The computation is fast (only a few seconds) as it is done using Locality Sensitive Hashing (LSH). See here for details of compute1.py.

A first look at the data

At this point we are ready to take a first look at the data using the http server functionality of the ExpressionMatrix2 software.

Starting the http server

To do this, we use script runServer.py to start the ExpressionMatrix2 in http server mode:

./runServer.py

The code in runServer.py is very simple. It simply creates the ExpressionMatrix object just like the compute1.py script did, then invokes function explore to start the http server. When the server starts, it writes a message containing the port number on which it is listening for connections - usually port 17100. The server will continue to run until you interrupt it using Ctrl-C or by killing the process. However, most of the time it will be doing nothing - it will just be waiting for http requests from browsers.

Connecting a browser to the server

With the server running, we can use a browser to explore the data. The browser communicates with the server using the http protocol, and can run on the same machine as the server, or on a different machine, as long as the two machines can communicate over a network or via the Internet.

In the simplest mode of operations, the browser runs on the same machine as the server. Start the browser and point it to this URL:

http://localhost:17100

(Make sure to change the port number from 17100 to whatever port number the server is listening on, which you found out when starting the server).

If the browser is running on a different machine, enter the same URL but replace localhost with the name or ip address of the machine where the server is running.
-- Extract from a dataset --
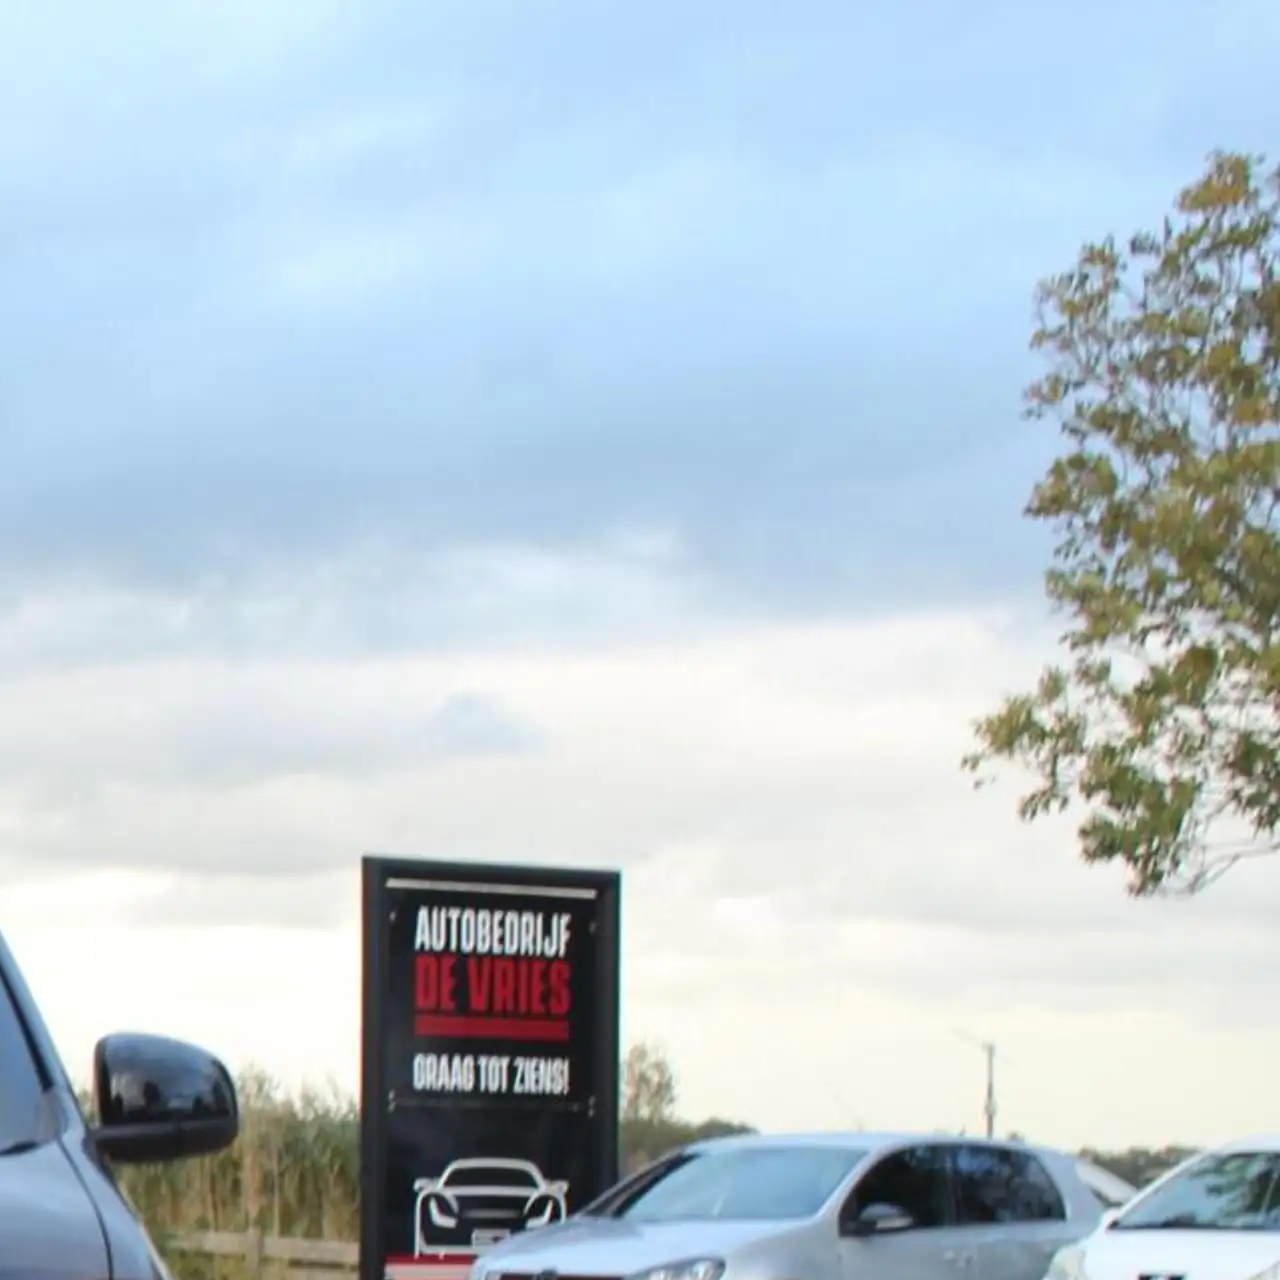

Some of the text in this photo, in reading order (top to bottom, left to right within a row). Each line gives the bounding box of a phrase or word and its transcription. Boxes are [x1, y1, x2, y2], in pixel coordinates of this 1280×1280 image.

For example, the URL could look like this:

http://server.company.com:17100

http://192.51.100.57:17100

For this to work, however, it may be necessary to change the configuration of firewall software or firmware on the server or on one of the routers in between by "opening" TCP port 17100, and preferrably the range 17100-17110 to allow some flexibility, as the server will try higher numbered ports if port 17100 is not available.

Security warning: depending on your network and firewall configuration, it may be possible for anybody with network access to the server to look at your data and manipulate them. Use appropriate security precautions to prevent unwanted access to the data. Your IT department will be able to provide security advice.

The ExpressionMatrix2 software was developed mainly using the Firefox and Chrome browsers. However most browsers will work, including browsers available on cell phones and other mobile devices.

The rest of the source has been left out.